Every country has its own currency. Estonia and the Eurozone have the Euro, Russia has the Rouble and the USA have US Dollars. We exchange money in banks or specialized foreign exchanges, transfer it worldwide and invest it. In our times of technological innovation it is safe to say that most, if not all money transfers are conducted through the Internet.
Is it then such a great surprise that an online currency such as Bitcoin has emerged? Interest in the currency has grown towards the end of 2013 due to significant spikes in the currency’s value, but let’s start from the beginning. In 2009, an unknown programmer by the name of Satoshi Nakamoto put forward a whitepaper that proposed a creation of new form of digital currency – cryptocurrency. Cryptocurrency functions the same way as regular currencies do in that its used as a means of exchange, unit of account and a store of value. Cryptocurrency, just like other resources, has some demand for it, and subsequently a market price. The significant difference is Bitcoin’s intangibility – there is no bank-issued notes or papers – meaning that rather being used in hand-to-hand transactions, Bitcoins are stored and exchanged digitally within a decentralized, peer-to-peer network.
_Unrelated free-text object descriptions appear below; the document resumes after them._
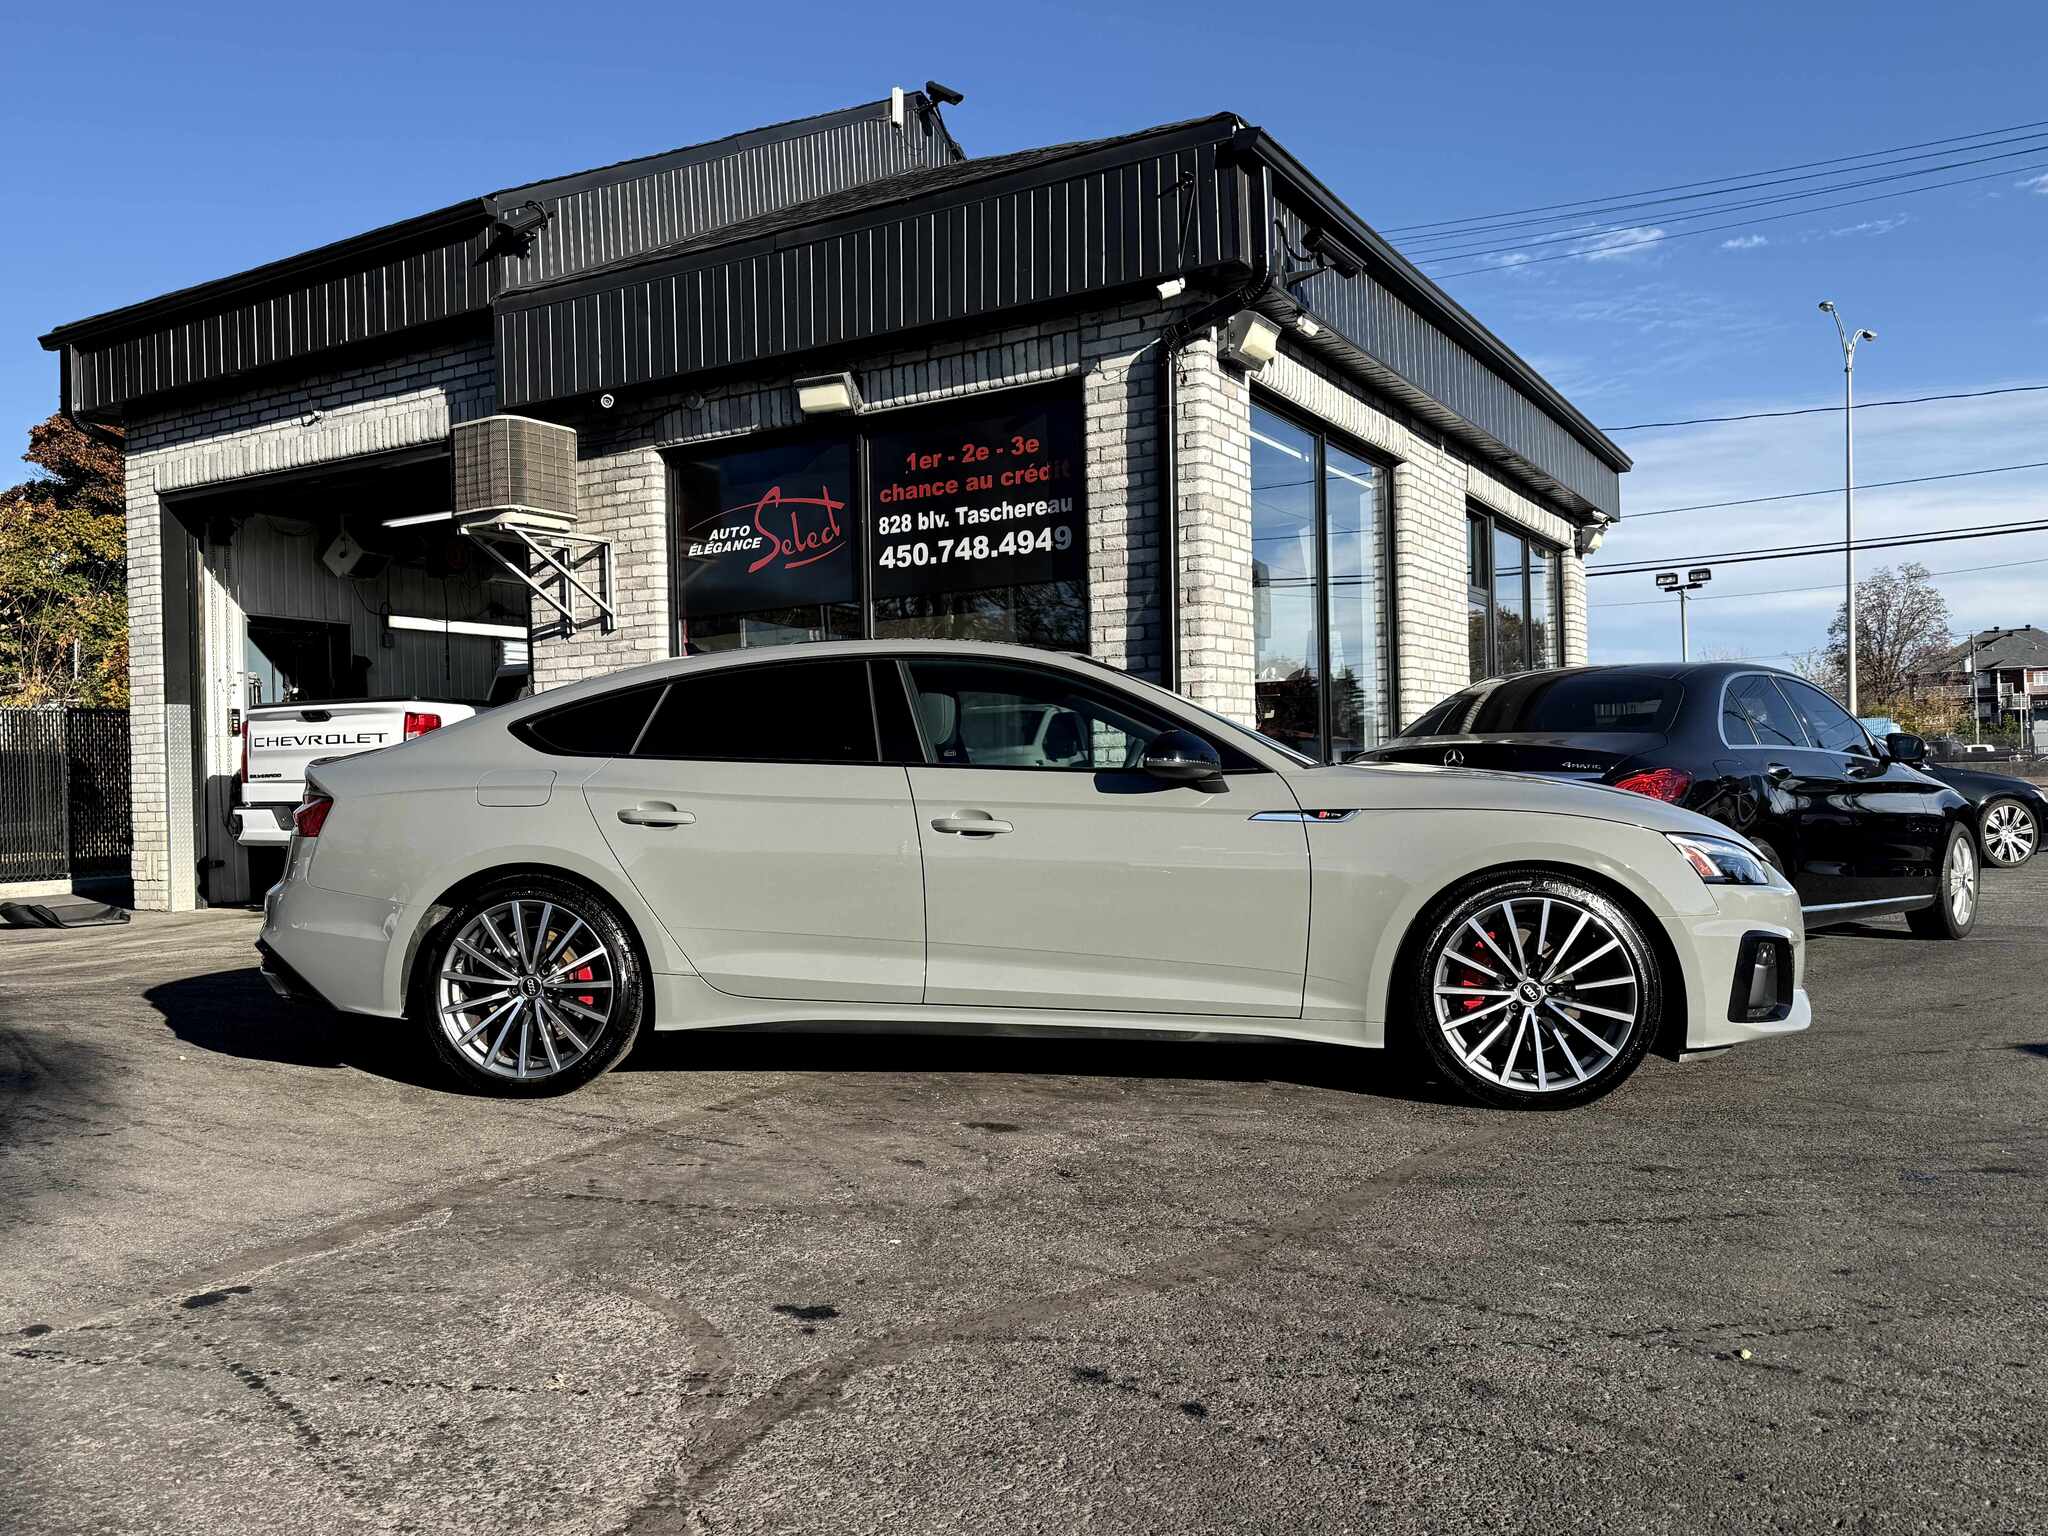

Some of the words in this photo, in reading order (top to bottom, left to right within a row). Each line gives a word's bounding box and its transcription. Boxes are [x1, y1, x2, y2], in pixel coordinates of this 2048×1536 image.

[907, 452, 942, 471] 1er
[962, 444, 989, 463] 2e
[1011, 436, 1040, 455] 3e
[880, 479, 959, 503] chance
[966, 474, 993, 492] au
[747, 485, 845, 573] Select
[879, 514, 912, 534] 828
[917, 510, 950, 530] blv.
[955, 497, 1072, 526] Taschereau
[688, 537, 762, 556] ÉLÉGANCE
[709, 525, 750, 540] AUTO
[879, 525, 1072, 569] 450.748.4949
[254, 732, 388, 748] CHEVROLET
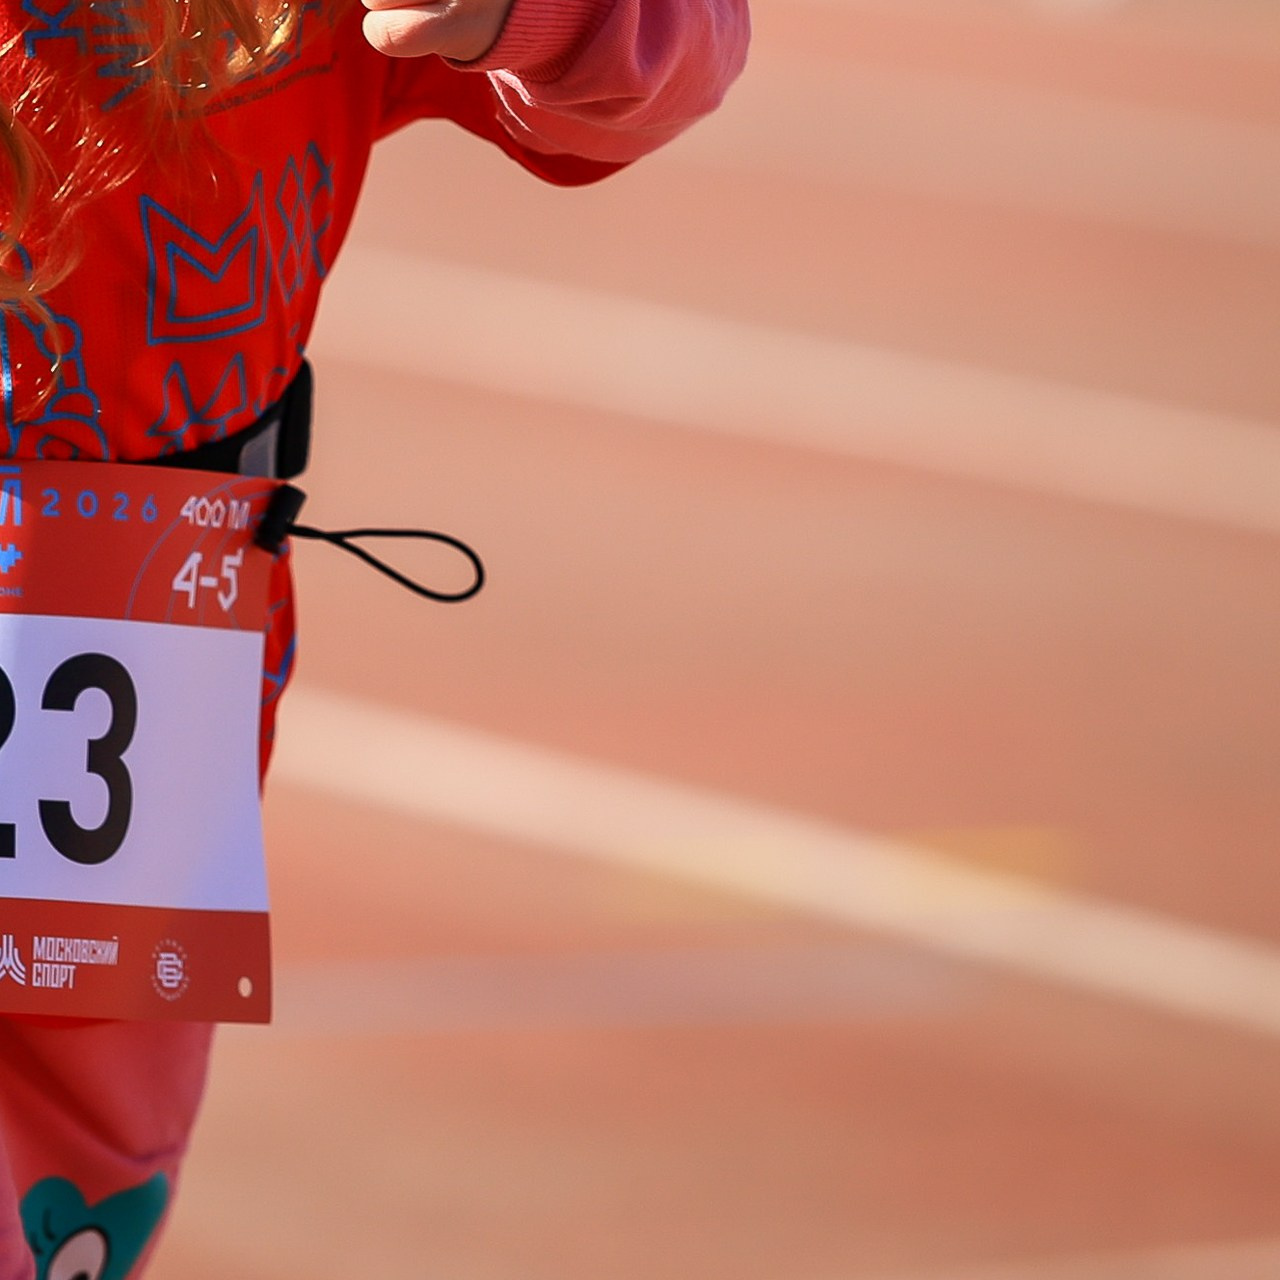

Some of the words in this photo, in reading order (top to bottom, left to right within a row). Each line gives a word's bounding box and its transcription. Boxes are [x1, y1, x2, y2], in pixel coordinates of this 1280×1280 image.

[41, 487, 158, 523] 2026
[172, 547, 244, 612] 4-5
[32, 935, 119, 966] МОСКОВСКИЙ
[32, 962, 77, 989] СПОРТ
With traditional money, transferring funds from one account to another requires some intermediary authority or middleman. Even with hand-to-hand cash transactions, the issue, value and fiscal policy of money is controlled by a trusted centralized authority (such as a bank, agency or government). Bitcoin operates differently in that no middleman is required in transactions as the trust between actors is derived from computer science and cryptology, rather than trust in a central establishment. It also means that Bitcoin is transferred directly from the sender to the receiver, with absolutely no intermediaries.
A key point to note is that because of this lack of central issuing body, cryptocurrency is created and transferred with the help of a process called “mining”. This process requires an extremely powerful computer to crunch down the billions of calculations required to solve cryptological functions. In reality, the mining process is extremely complex and technical. Despite its complexity, the process is transparent and open for review due to the open-source nature of Bitcoin.